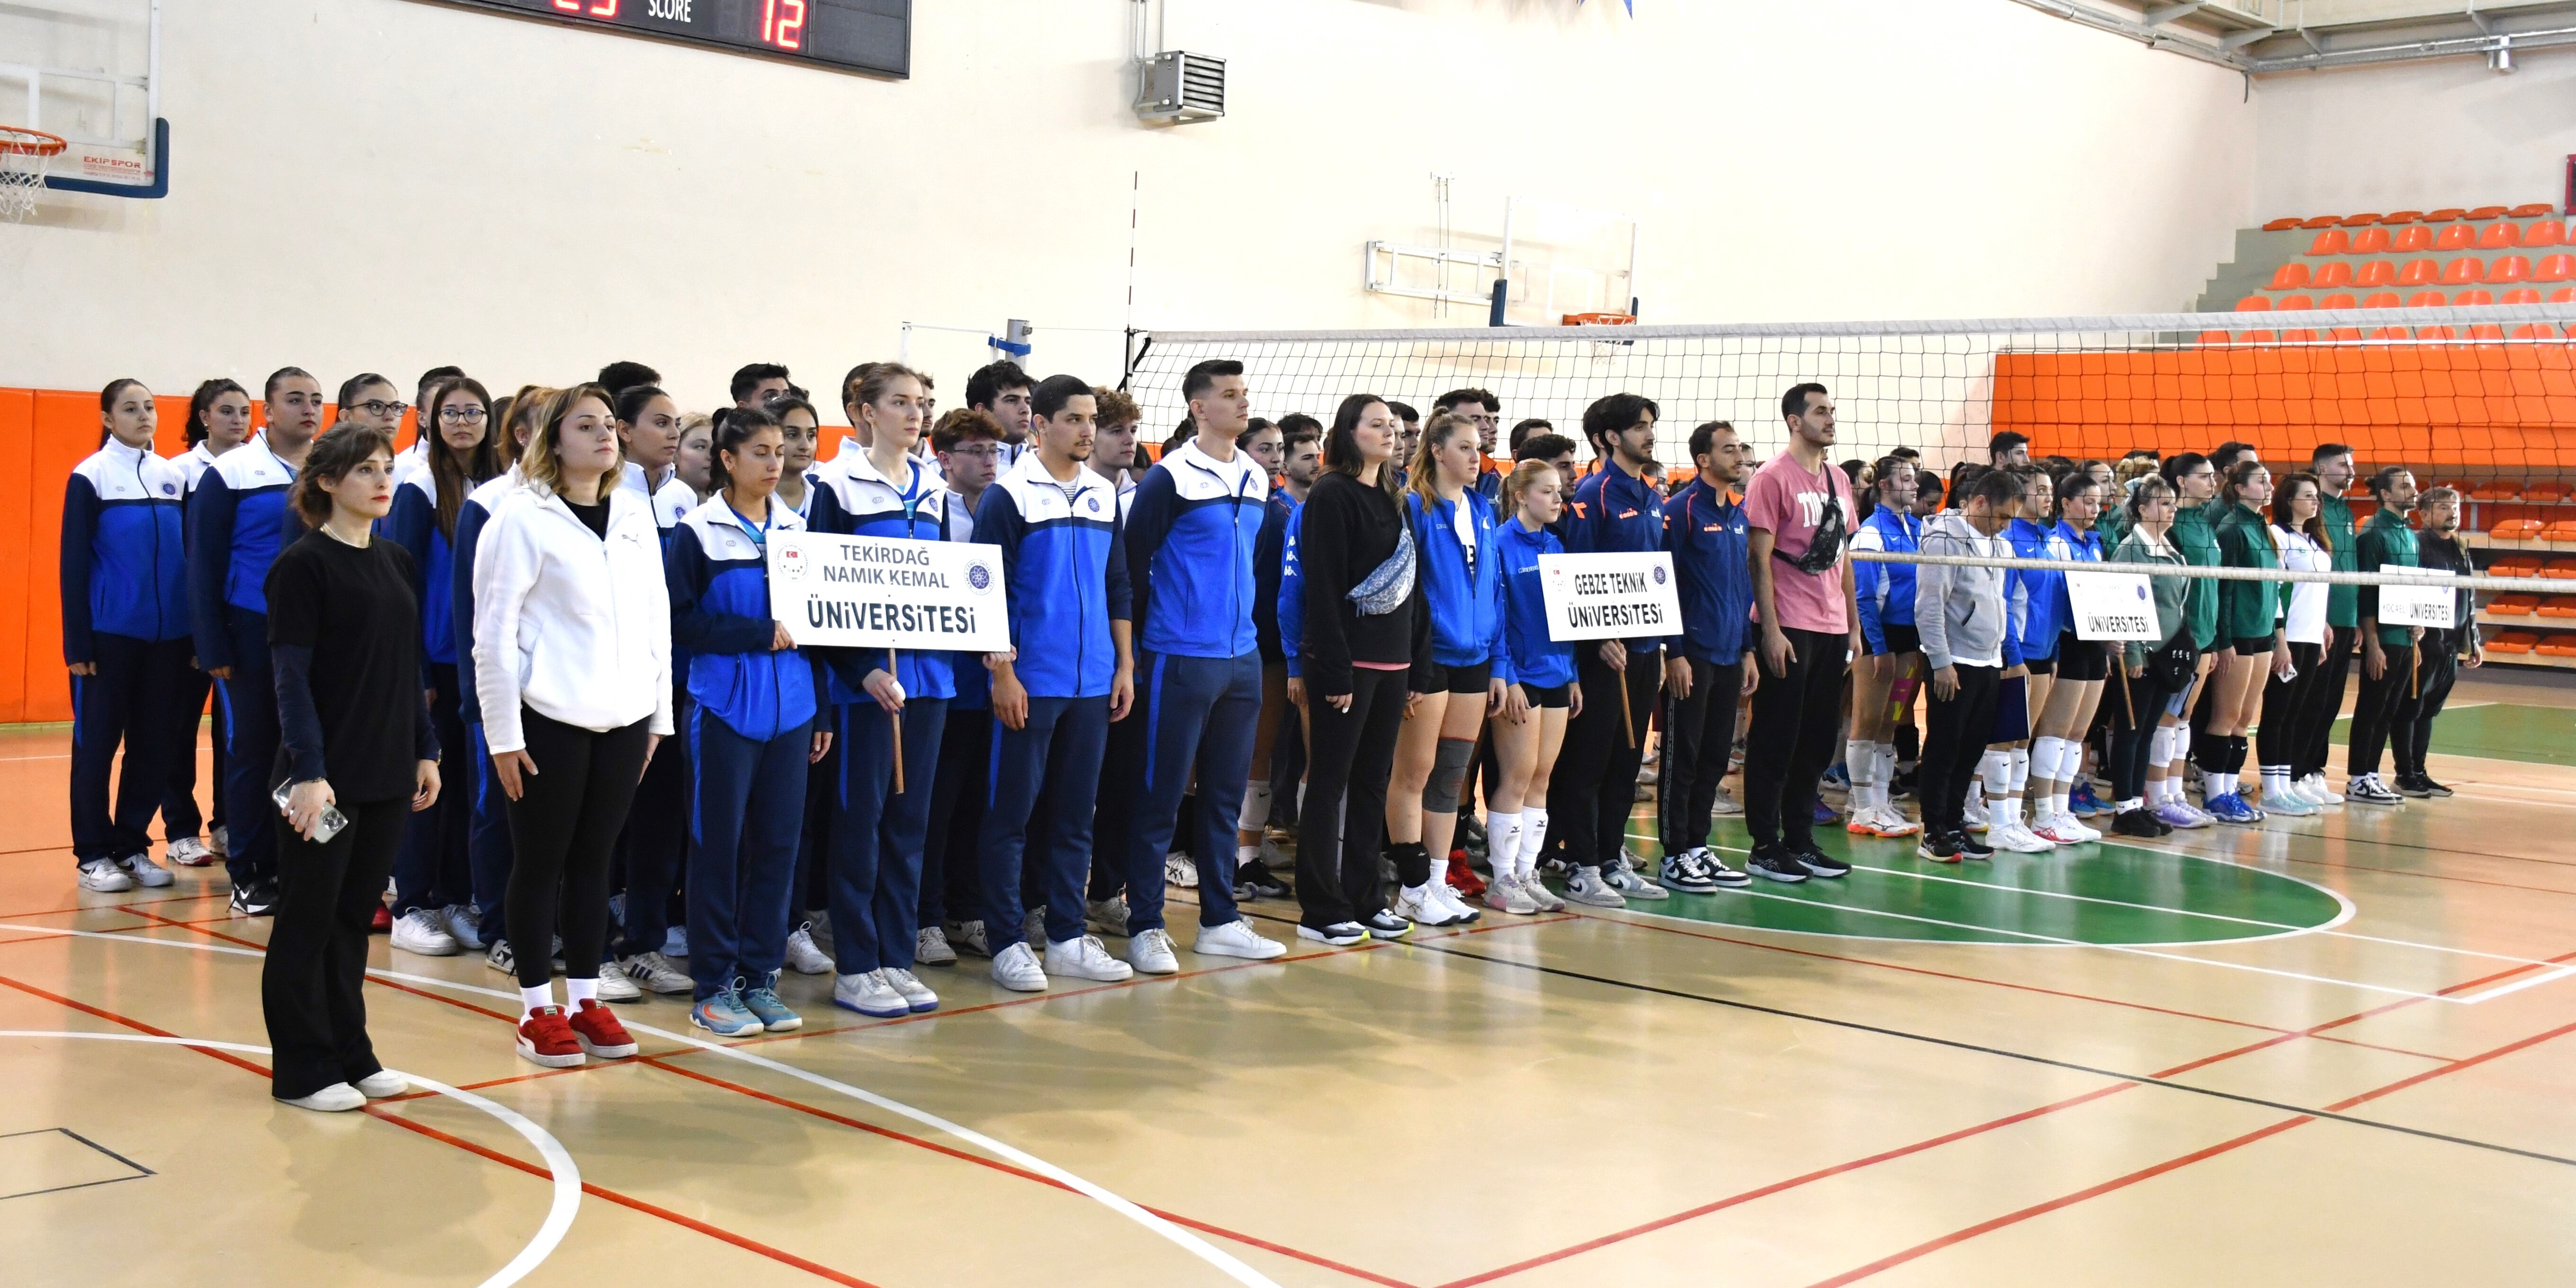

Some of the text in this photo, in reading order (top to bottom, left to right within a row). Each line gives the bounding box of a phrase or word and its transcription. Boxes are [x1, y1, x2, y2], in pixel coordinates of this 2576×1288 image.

[648, 0, 691, 23] SCORE
[764, 0, 804, 48] 12
[111, 160, 141, 169] SPOR
[840, 543, 930, 566] TEKİRDAĞ
[823, 565, 950, 589] NAMIK KEMAL
[1574, 574, 1608, 595] GEBZE
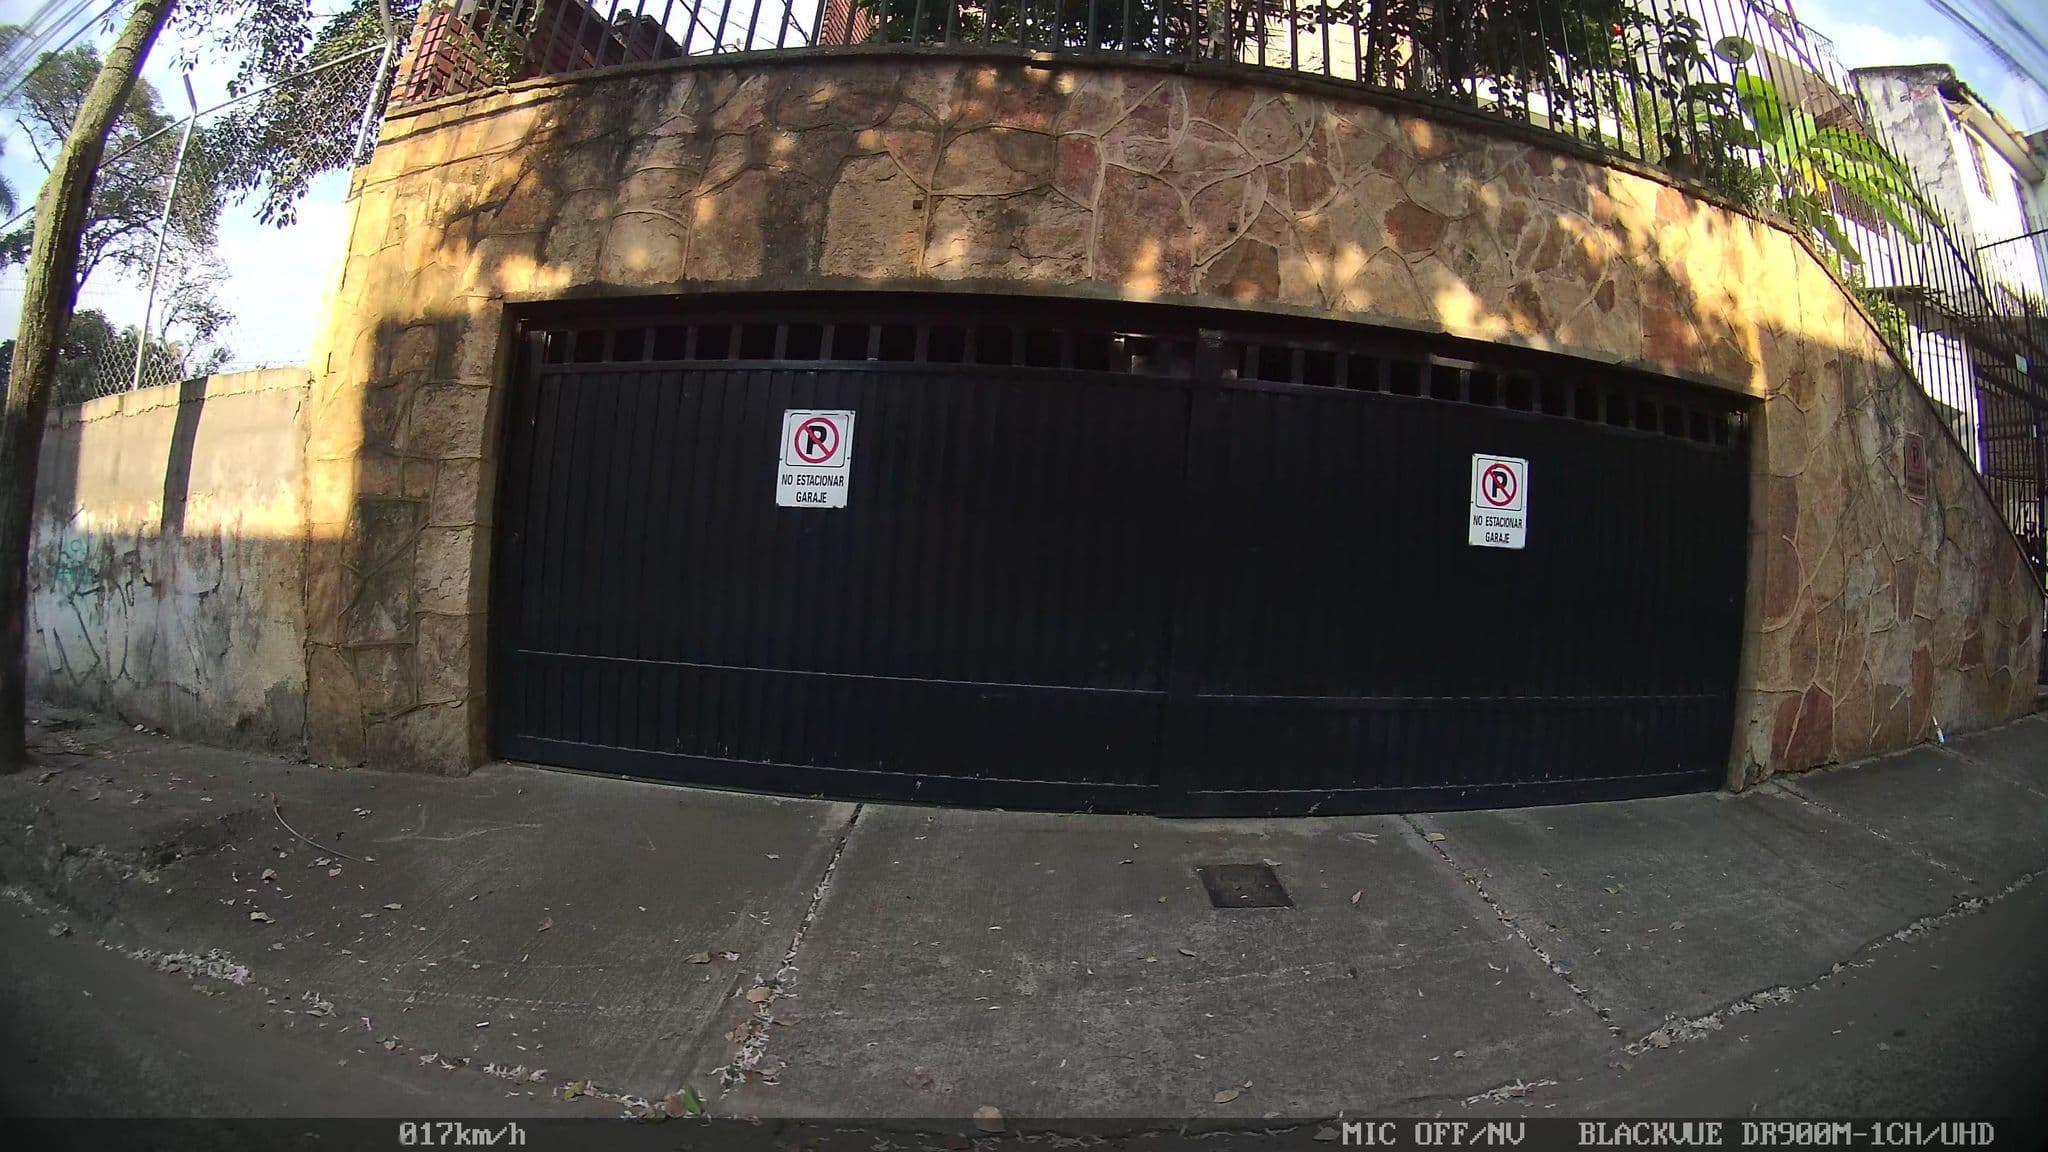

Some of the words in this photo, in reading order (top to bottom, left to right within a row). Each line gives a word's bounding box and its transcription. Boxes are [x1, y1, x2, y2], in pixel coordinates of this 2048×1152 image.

[806, 425, 827, 455] P
[781, 474, 793, 486] NO
[796, 474, 845, 487] ESTACIONAR
[1491, 470, 1508, 498] P
[796, 491, 827, 504] GARAJE
[1473, 515, 1483, 526] NO
[1485, 515, 1523, 529] ESTACIONAR
[1485, 531, 1510, 544] GARAJE

-- -- --

◆ **DIRECTIONS**
Once more, please print all the lines above exactly, without their pictures.

◆ **ANSWER FOR THE TASK**
Some of the text in this photo, in reading order (top to bottom, left to right within a row). Each line gives the bounding box of a phrase or word and its transcription. Boxes are [x1, y1, x2, y2], in pixel coordinates of this 2576×1288 image.

[648, 0, 691, 23] SCORE
[764, 0, 804, 48] 12
[111, 160, 141, 169] SPOR
[840, 543, 930, 566] TEKİRDAĞ
[823, 565, 950, 589] NAMIK KEMAL
[1574, 574, 1608, 595] GEBZE

Some of the words in this photo, in reading order (top to bottom, left to right within a row). Each line gives a word's bounding box and its transcription. Boxes are [x1, y1, x2, y2], in pixel coordinates of this 2048×1152 image.

[806, 425, 827, 455] P
[781, 474, 793, 486] NO
[796, 474, 845, 487] ESTACIONAR
[1491, 470, 1508, 498] P
[796, 491, 827, 504] GARAJE
[1473, 515, 1483, 526] NO
[1485, 515, 1523, 529] ESTACIONAR
[1485, 531, 1510, 544] GARAJE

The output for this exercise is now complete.